-- Aim of the exercise --
What is needed here is an exact printout of the data, with no pictures included.

-- Input --
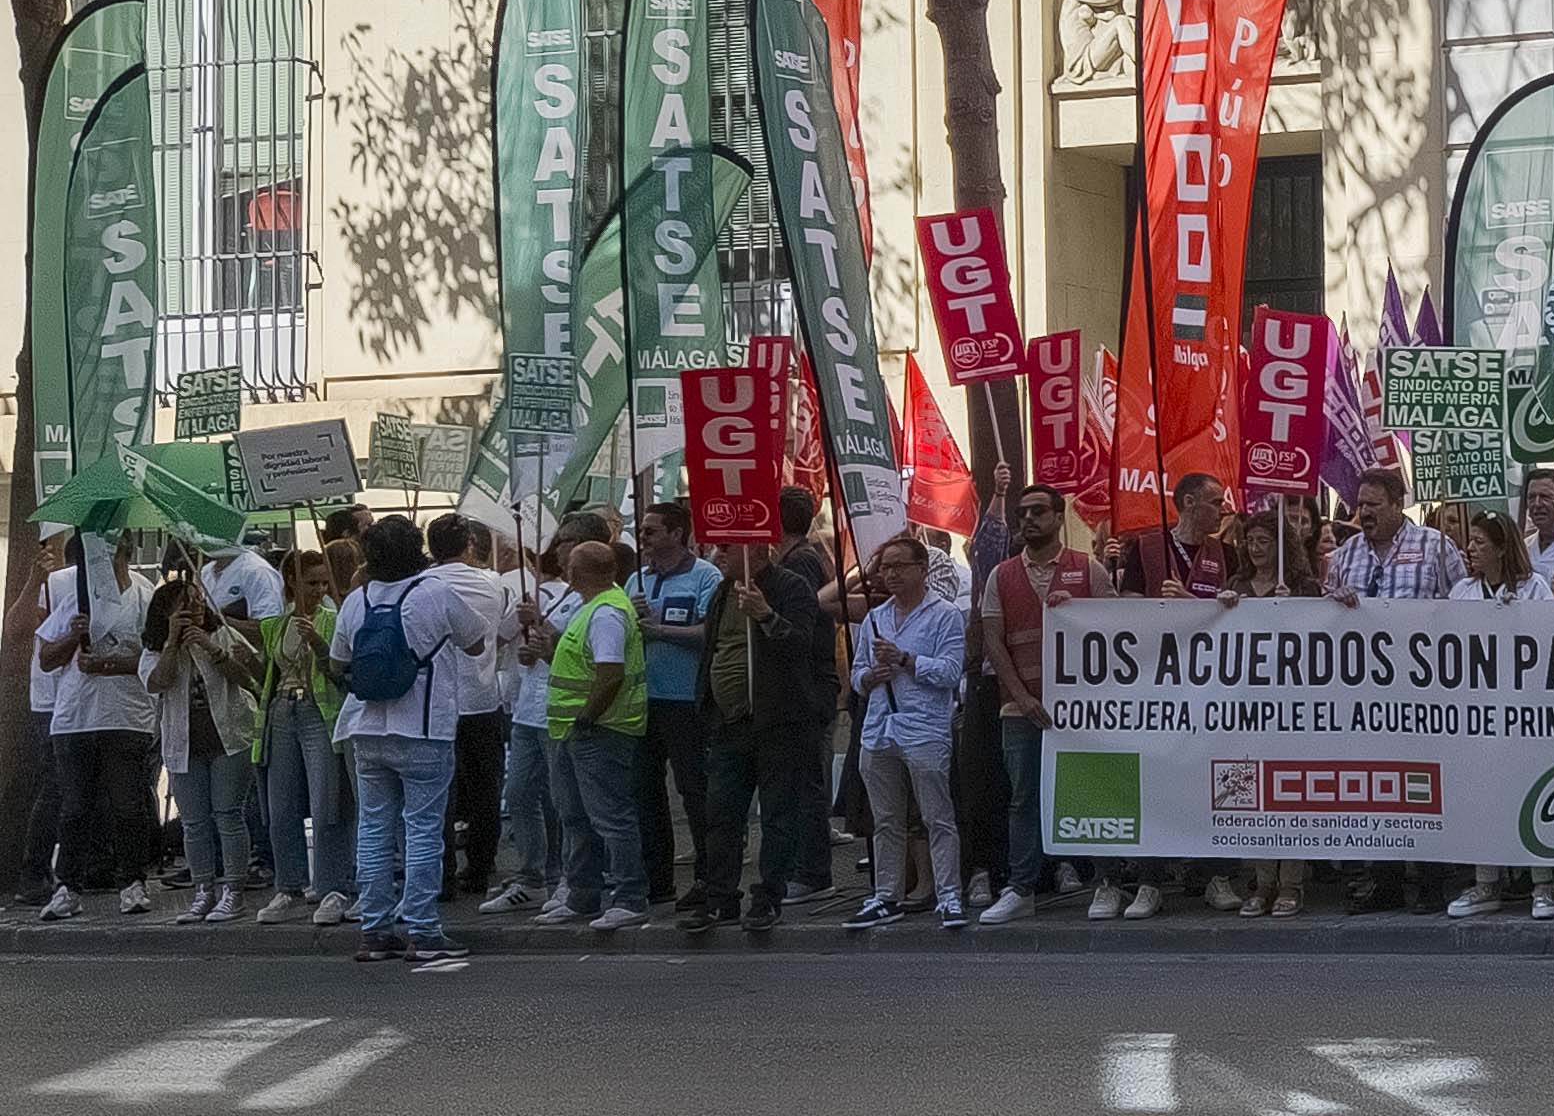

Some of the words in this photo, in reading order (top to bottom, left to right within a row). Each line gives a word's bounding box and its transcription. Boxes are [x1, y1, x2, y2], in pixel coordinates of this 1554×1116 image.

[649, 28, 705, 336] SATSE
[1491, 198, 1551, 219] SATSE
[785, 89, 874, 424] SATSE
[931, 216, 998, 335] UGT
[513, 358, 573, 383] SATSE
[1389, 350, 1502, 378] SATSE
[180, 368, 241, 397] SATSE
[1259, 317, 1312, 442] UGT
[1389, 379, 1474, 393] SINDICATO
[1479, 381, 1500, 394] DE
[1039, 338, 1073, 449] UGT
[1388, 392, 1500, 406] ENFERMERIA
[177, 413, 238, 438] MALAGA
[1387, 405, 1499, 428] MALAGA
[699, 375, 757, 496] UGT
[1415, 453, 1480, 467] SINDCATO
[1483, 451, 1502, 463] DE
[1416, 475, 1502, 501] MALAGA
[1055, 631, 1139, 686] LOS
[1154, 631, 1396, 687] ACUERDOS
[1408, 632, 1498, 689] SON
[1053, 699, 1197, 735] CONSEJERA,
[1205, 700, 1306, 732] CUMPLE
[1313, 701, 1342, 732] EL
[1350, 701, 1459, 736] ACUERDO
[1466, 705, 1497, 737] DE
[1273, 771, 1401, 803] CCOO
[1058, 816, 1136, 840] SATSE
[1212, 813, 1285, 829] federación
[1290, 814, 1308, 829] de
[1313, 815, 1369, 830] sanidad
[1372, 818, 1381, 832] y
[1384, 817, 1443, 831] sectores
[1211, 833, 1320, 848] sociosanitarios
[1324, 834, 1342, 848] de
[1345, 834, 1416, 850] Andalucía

-- Problem solution --
Some of the words in this photo, in reading order (top to bottom, left to right within a row). Each line gives a word's bounding box and its transcription. Boxes are [x1, y1, x2, y2], in pixel coordinates of this 1554×1116 image.

[649, 28, 705, 336] SATSE
[1491, 198, 1551, 219] SATSE
[785, 89, 874, 424] SATSE
[931, 216, 998, 335] UGT
[513, 358, 573, 383] SATSE
[1389, 350, 1502, 378] SATSE
[180, 368, 241, 397] SATSE
[1259, 317, 1312, 442] UGT
[1389, 379, 1474, 393] SINDICATO
[1479, 381, 1500, 394] DE
[1039, 338, 1073, 449] UGT
[1388, 392, 1500, 406] ENFERMERIA
[177, 413, 238, 438] MALAGA
[1387, 405, 1499, 428] MALAGA
[699, 375, 757, 496] UGT
[1415, 453, 1480, 467] SINDCATO
[1483, 451, 1502, 463] DE
[1416, 475, 1502, 501] MALAGA
[1055, 631, 1139, 686] LOS
[1154, 631, 1396, 687] ACUERDOS
[1408, 632, 1498, 689] SON
[1053, 699, 1197, 735] CONSEJERA,
[1205, 700, 1306, 732] CUMPLE
[1313, 701, 1342, 732] EL
[1350, 701, 1459, 736] ACUERDO
[1466, 705, 1497, 737] DE
[1273, 771, 1401, 803] CCOO
[1058, 816, 1136, 840] SATSE
[1212, 813, 1285, 829] federación
[1290, 814, 1308, 829] de
[1313, 815, 1369, 830] sanidad
[1372, 818, 1381, 832] y
[1384, 817, 1443, 831] sectores
[1211, 833, 1320, 848] sociosanitarios
[1324, 834, 1342, 848] de
[1345, 834, 1416, 850] Andalucía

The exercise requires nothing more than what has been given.